§ Dataset extract:
= = = =
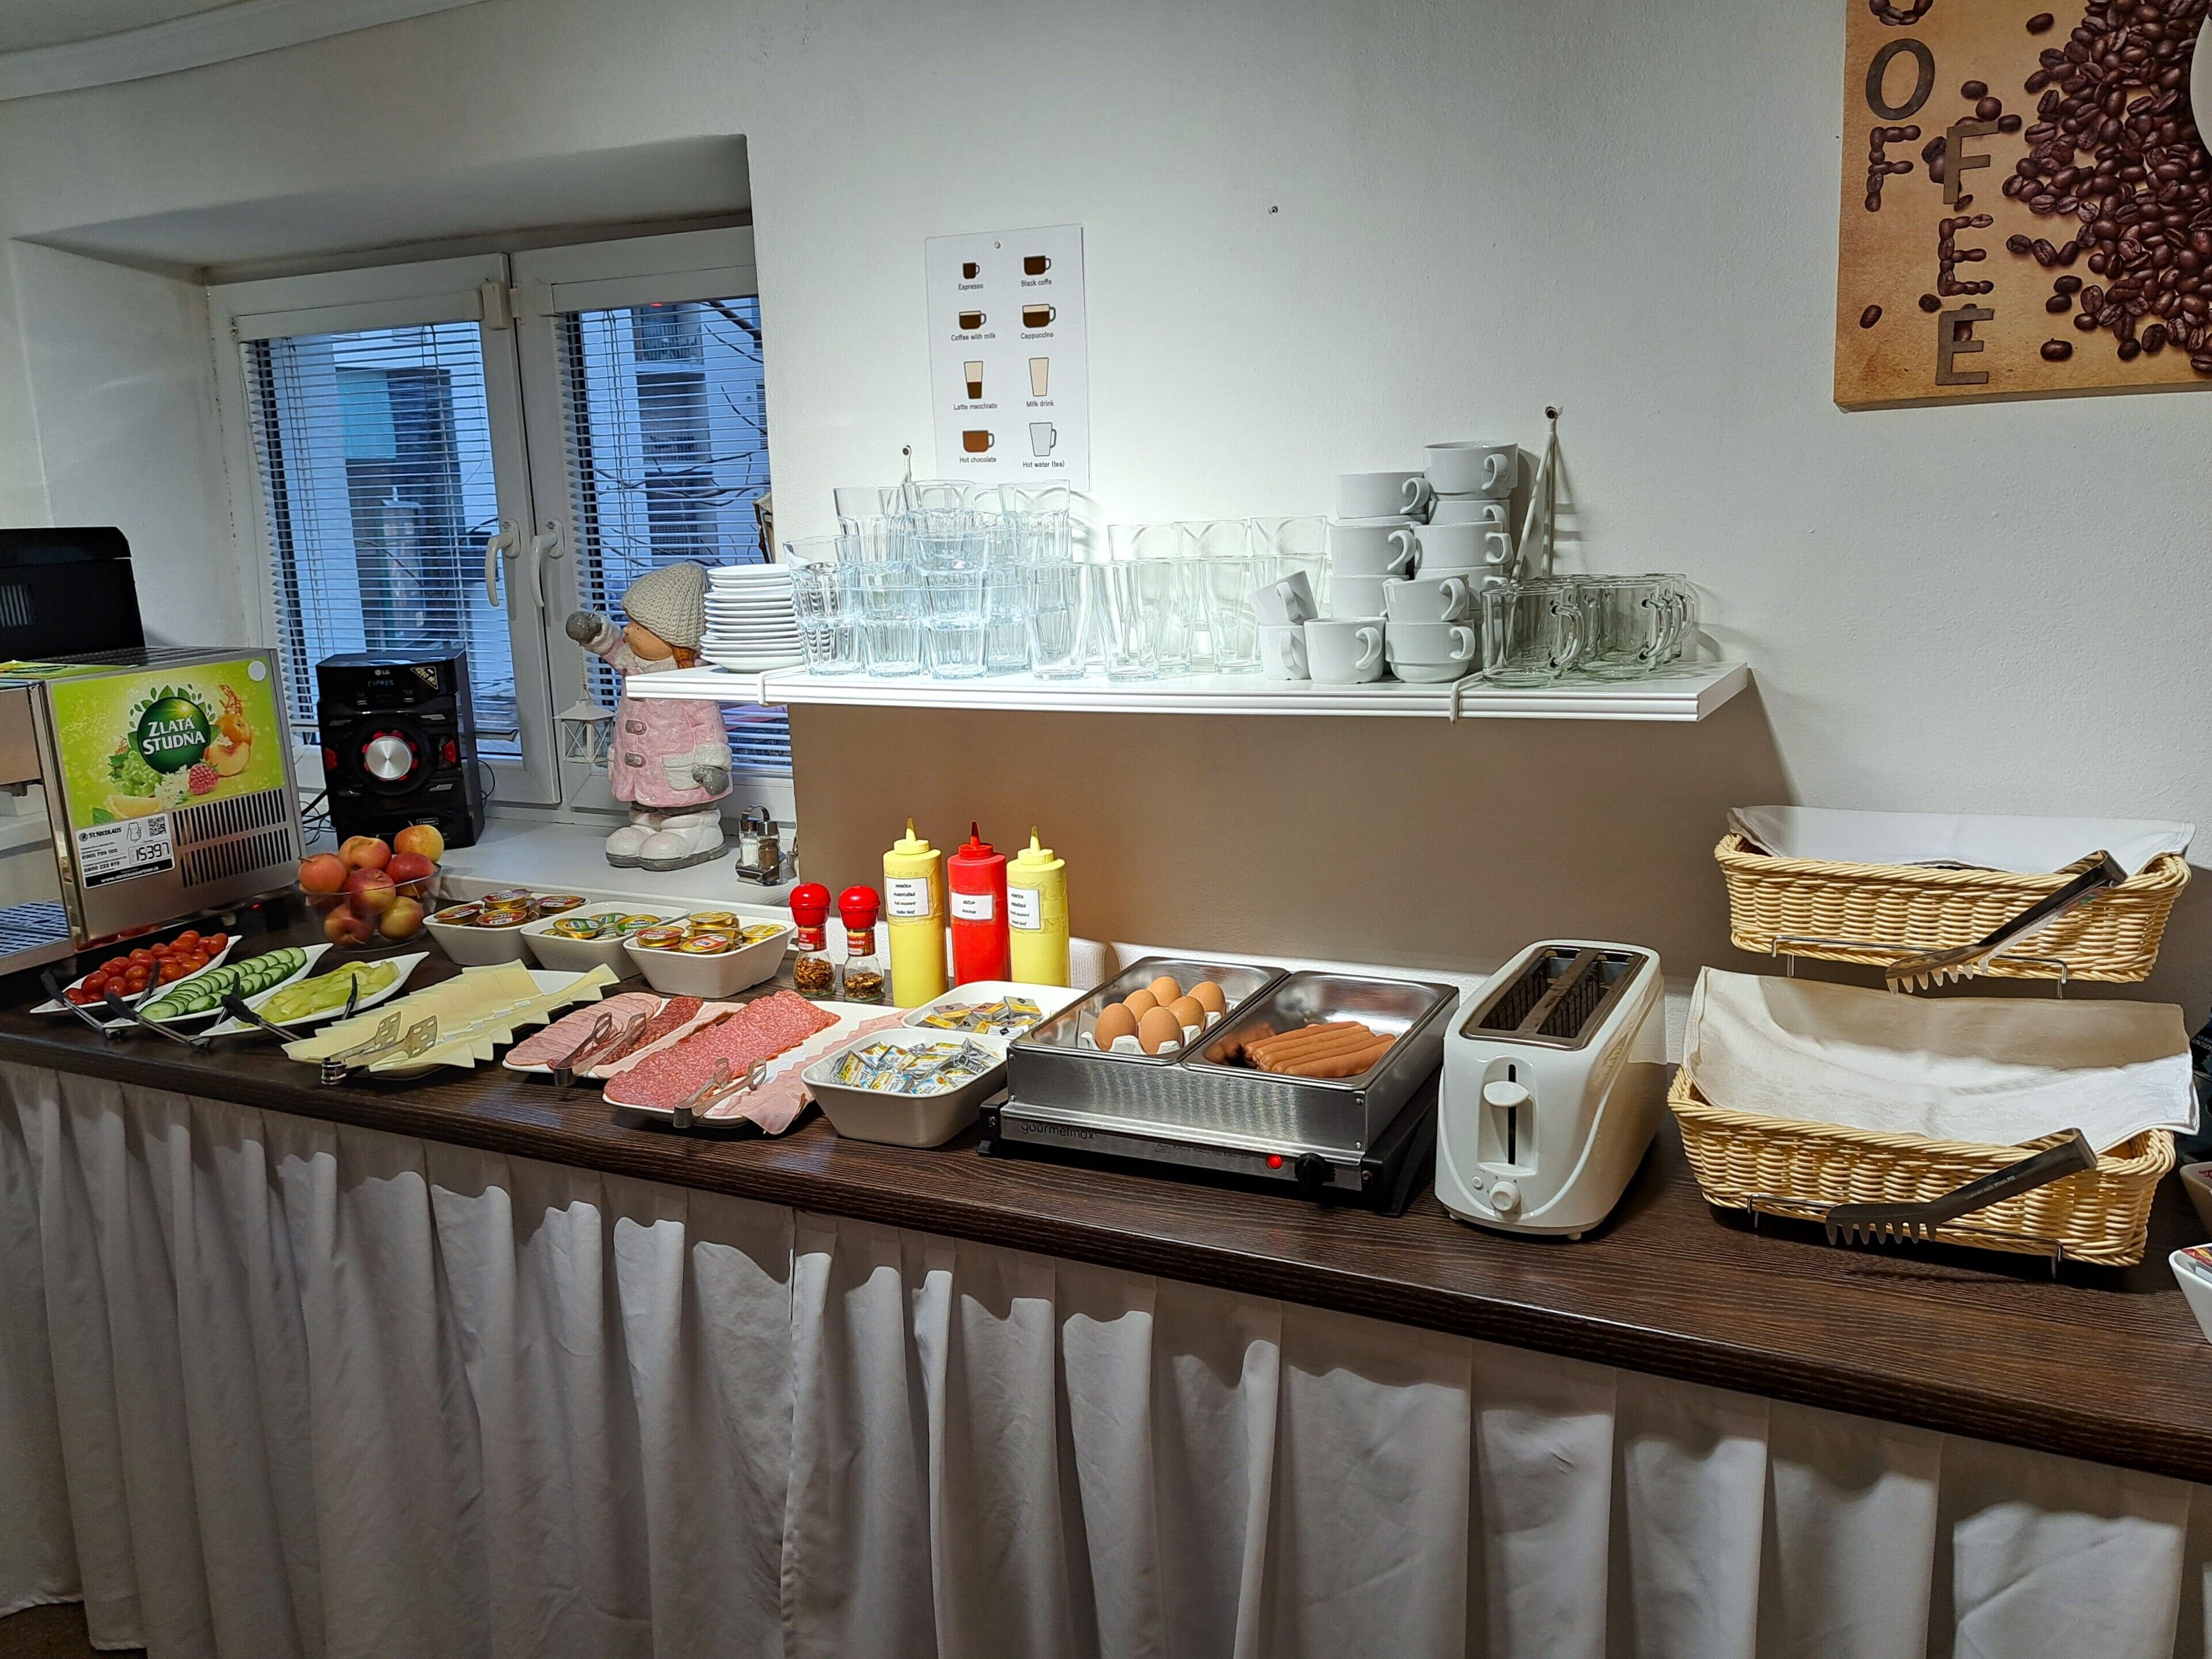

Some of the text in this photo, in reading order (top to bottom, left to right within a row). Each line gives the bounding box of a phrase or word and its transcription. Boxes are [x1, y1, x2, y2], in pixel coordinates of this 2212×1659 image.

[1020, 332, 1054, 340] Cappuccino
[148, 715, 195, 737] ZLATÁ
[143, 731, 206, 755] STUDŇA
[136, 842, 169, 861] 15397
[1021, 1123, 1094, 1139] gourmetmax
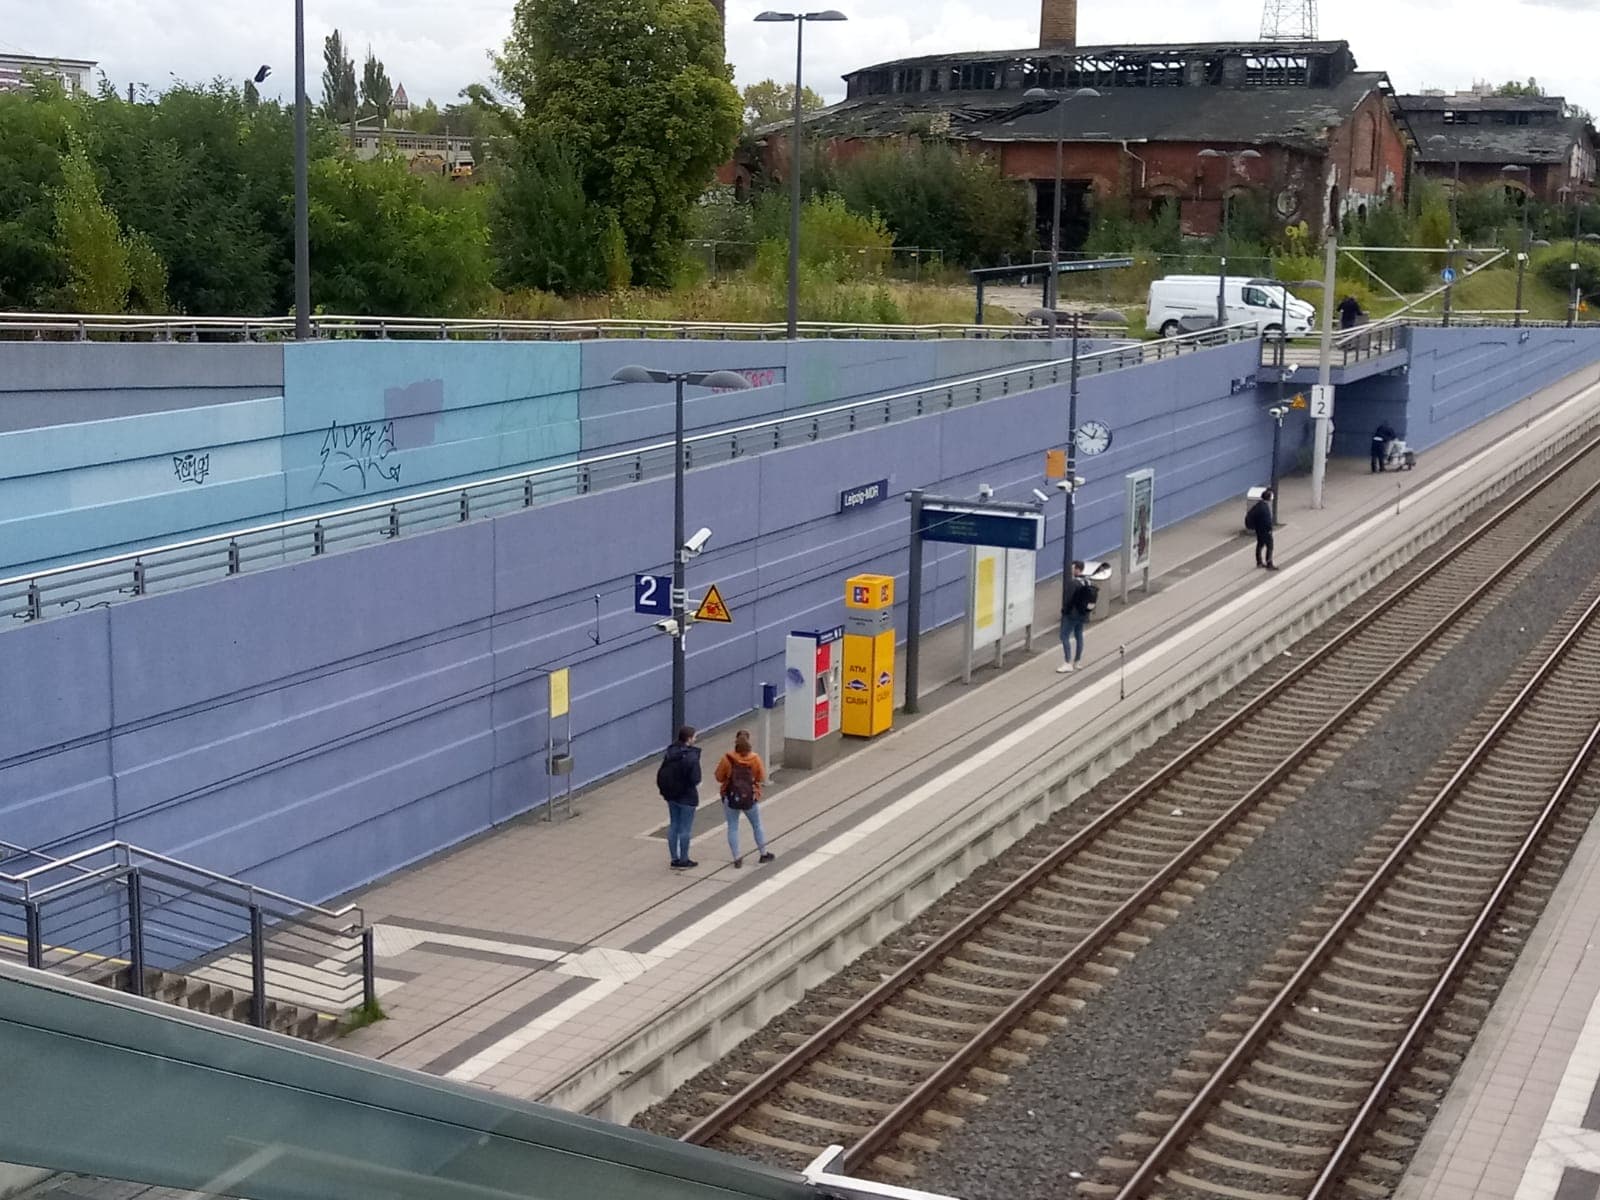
= = = =
§ Task details:
All of the data above should be printed again exactly, though none of the pictures belong in the copy.

§ Solved problem:
Some of the text in this photo, in reading order (top to bottom, left to right within a row). Each line gives the bounding box of a phrase or word and its transcription. Boxes are [x1, y1, x2, y2], in pixel coordinates of this 2212×1659 image.

[1020, 332, 1054, 340] Cappuccino
[148, 715, 195, 737] ZLATÁ
[143, 731, 206, 755] STUDŇA
[136, 842, 169, 861] 15397
[1021, 1123, 1094, 1139] gourmetmax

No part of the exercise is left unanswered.